● **Task to carry out**:
Your copy should match the records below word for word and contain no pictures.

● **Source material**:

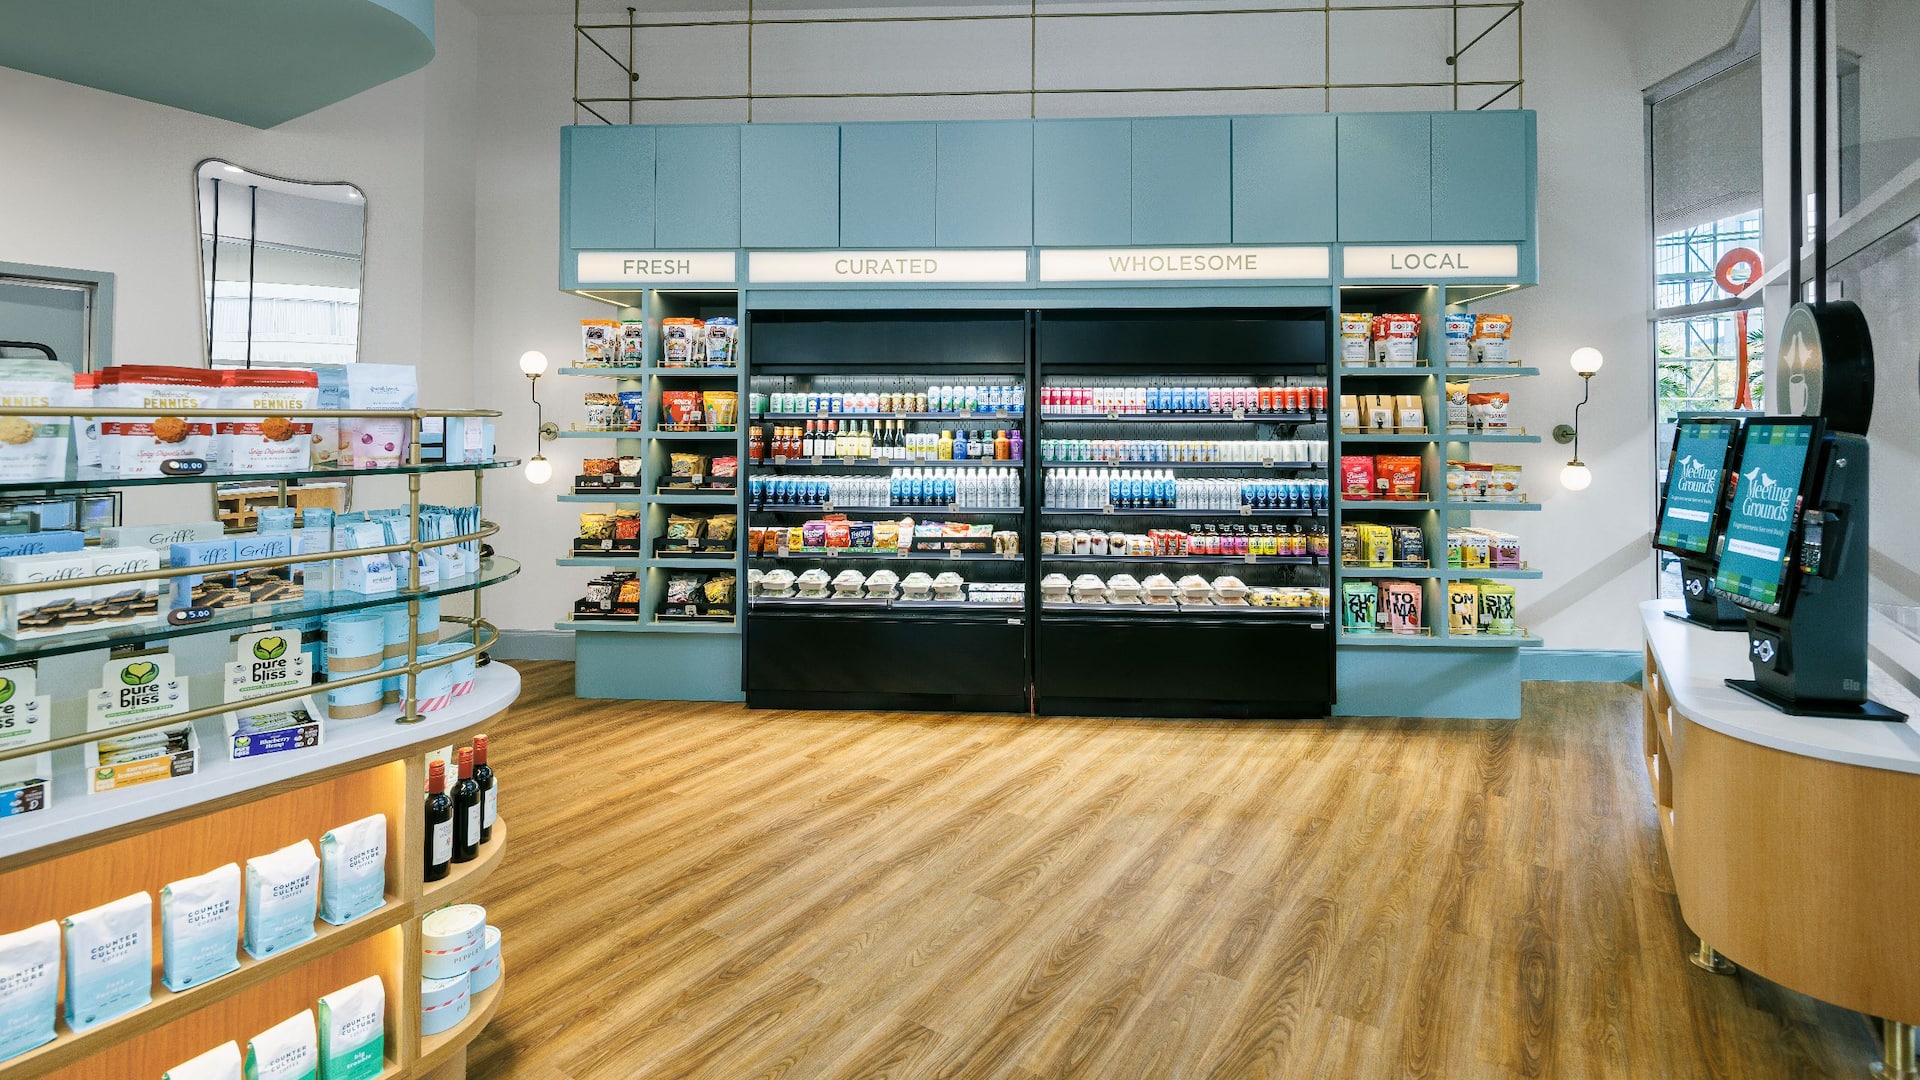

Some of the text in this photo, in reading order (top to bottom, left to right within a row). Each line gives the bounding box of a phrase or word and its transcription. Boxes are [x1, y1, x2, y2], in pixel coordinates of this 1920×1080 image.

[623, 259, 690, 275] FRESH
[834, 258, 938, 275] CURATED
[1108, 254, 1258, 273] WHOLESOME
[1390, 252, 1469, 271] LOCAL
[0, 396, 49, 408] NNIES
[143, 397, 198, 409] PENNIES
[253, 399, 303, 409] PENNIES
[1681, 464, 1718, 483] Meeting
[1678, 477, 1715, 494] Grounds
[1746, 481, 1793, 506] Meeting
[1742, 498, 1789, 521] Grounds
[149, 529, 195, 545] Griff's
[199, 547, 229, 565] riff's
[240, 541, 285, 558] Griff's
[95, 559, 150, 576] Griff's
[1451, 592, 1474, 604] ON
[1485, 594, 1513, 607] SIX
[189, 609, 210, 619] 5.00
[253, 659, 286, 672] pure
[253, 670, 286, 682] bliss
[120, 684, 159, 698] pure
[120, 695, 159, 708] bliss
[350, 846, 379, 862] COUNTER
[350, 851, 380, 867] CULTURE
[273, 875, 310, 891] COUNTER
[273, 880, 309, 897] CULTURE
[188, 900, 230, 917] COUNTER
[188, 906, 230, 923] CULTURE
[91, 932, 138, 954] COUNTER
[91, 939, 138, 960] CULTURE
[0, 963, 44, 983] OUNTER
[0, 971, 44, 990] ULTURE
[342, 1012, 376, 1031] COUNTER
[342, 1017, 376, 1036] CULTURE
[270, 1045, 307, 1066] COUNTER
[271, 1051, 307, 1073] CULTURE
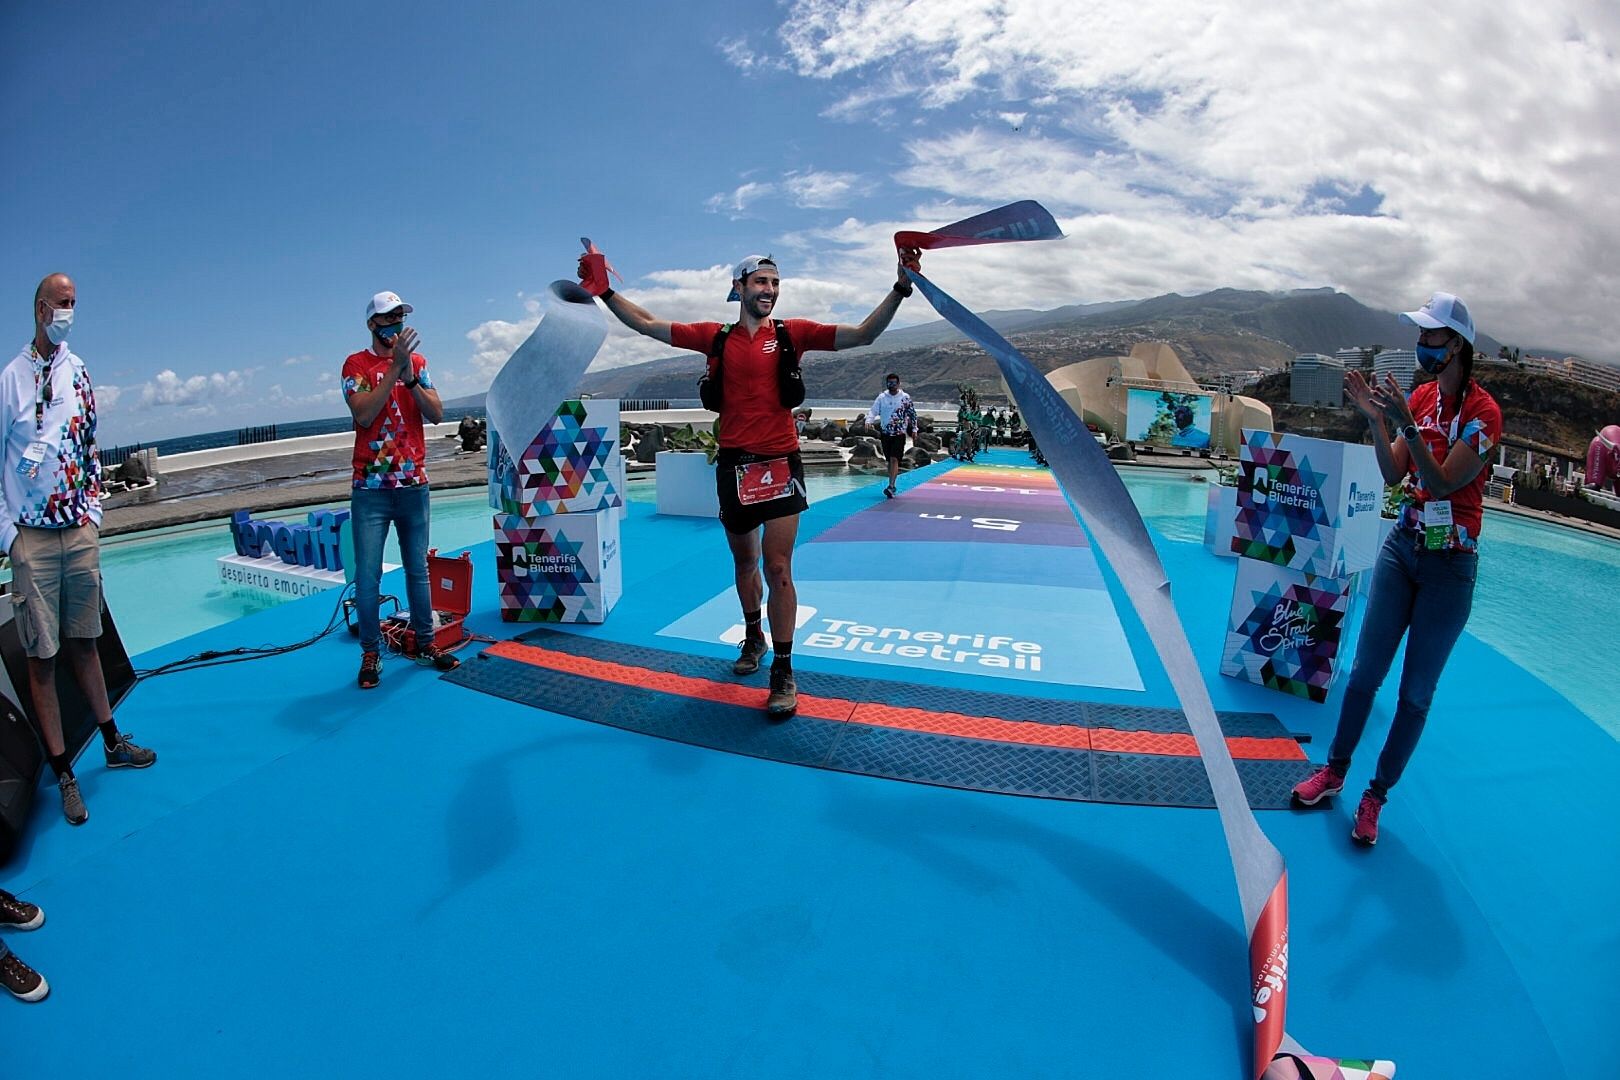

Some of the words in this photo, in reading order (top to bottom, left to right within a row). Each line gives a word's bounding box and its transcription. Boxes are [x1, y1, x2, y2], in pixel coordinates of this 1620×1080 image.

[760, 470, 774, 485] 4
[1269, 478, 1318, 498] Tenerife
[1268, 491, 1317, 511] Bluetrail
[971, 517, 1022, 532] 5
[229, 508, 357, 584] tenerif
[528, 553, 577, 564] Tenerife
[529, 564, 577, 573] Bluetrail
[221, 564, 269, 588] despierta
[1272, 600, 1304, 625] Blue
[821, 618, 1042, 654] Tenerife
[1280, 614, 1316, 637] Trail
[802, 632, 1042, 672] Bluetrail
[1260, 627, 1316, 656] Spirit

● **Exercise output**:
Some of the text in this photo, in reading order (top to bottom, left to right within a row). Each line gives the bounding box of a phrase or word and its transcription. Boxes are [x1, y1, x2, y2], in pixel coordinates of this 1920×1080 image.

[623, 259, 690, 275] FRESH
[834, 258, 938, 275] CURATED
[1108, 254, 1258, 273] WHOLESOME
[1390, 252, 1469, 271] LOCAL
[0, 396, 49, 408] NNIES
[143, 397, 198, 409] PENNIES
[253, 399, 303, 409] PENNIES
[1681, 464, 1718, 483] Meeting
[1678, 477, 1715, 494] Grounds
[1746, 481, 1793, 506] Meeting
[1742, 498, 1789, 521] Grounds
[149, 529, 195, 545] Griff's
[199, 547, 229, 565] riff's
[240, 541, 285, 558] Griff's
[95, 559, 150, 576] Griff's
[1451, 592, 1474, 604] ON
[1485, 594, 1513, 607] SIX
[189, 609, 210, 619] 5.00
[253, 659, 286, 672] pure
[253, 670, 286, 682] bliss
[120, 684, 159, 698] pure
[120, 695, 159, 708] bliss
[350, 846, 379, 862] COUNTER
[350, 851, 380, 867] CULTURE
[273, 875, 310, 891] COUNTER
[273, 880, 309, 897] CULTURE
[188, 900, 230, 917] COUNTER
[188, 906, 230, 923] CULTURE
[91, 932, 138, 954] COUNTER
[91, 939, 138, 960] CULTURE
[0, 963, 44, 983] OUNTER
[0, 971, 44, 990] ULTURE
[342, 1012, 376, 1031] COUNTER
[342, 1017, 376, 1036] CULTURE
[270, 1045, 307, 1066] COUNTER
[271, 1051, 307, 1073] CULTURE

Some of the words in this photo, in reading order (top to bottom, left to right within a row). Each line gives a word's bounding box and its transcription. Boxes are [x1, y1, x2, y2], in pixel coordinates of this 1620×1080 image.

[760, 470, 774, 485] 4
[1269, 478, 1318, 498] Tenerife
[1268, 491, 1317, 511] Bluetrail
[971, 517, 1022, 532] 5
[229, 508, 357, 584] tenerif
[528, 553, 577, 564] Tenerife
[529, 564, 577, 573] Bluetrail
[221, 564, 269, 588] despierta
[1272, 600, 1304, 625] Blue
[821, 618, 1042, 654] Tenerife
[1280, 614, 1316, 637] Trail
[802, 632, 1042, 672] Bluetrail
[1260, 627, 1316, 656] Spirit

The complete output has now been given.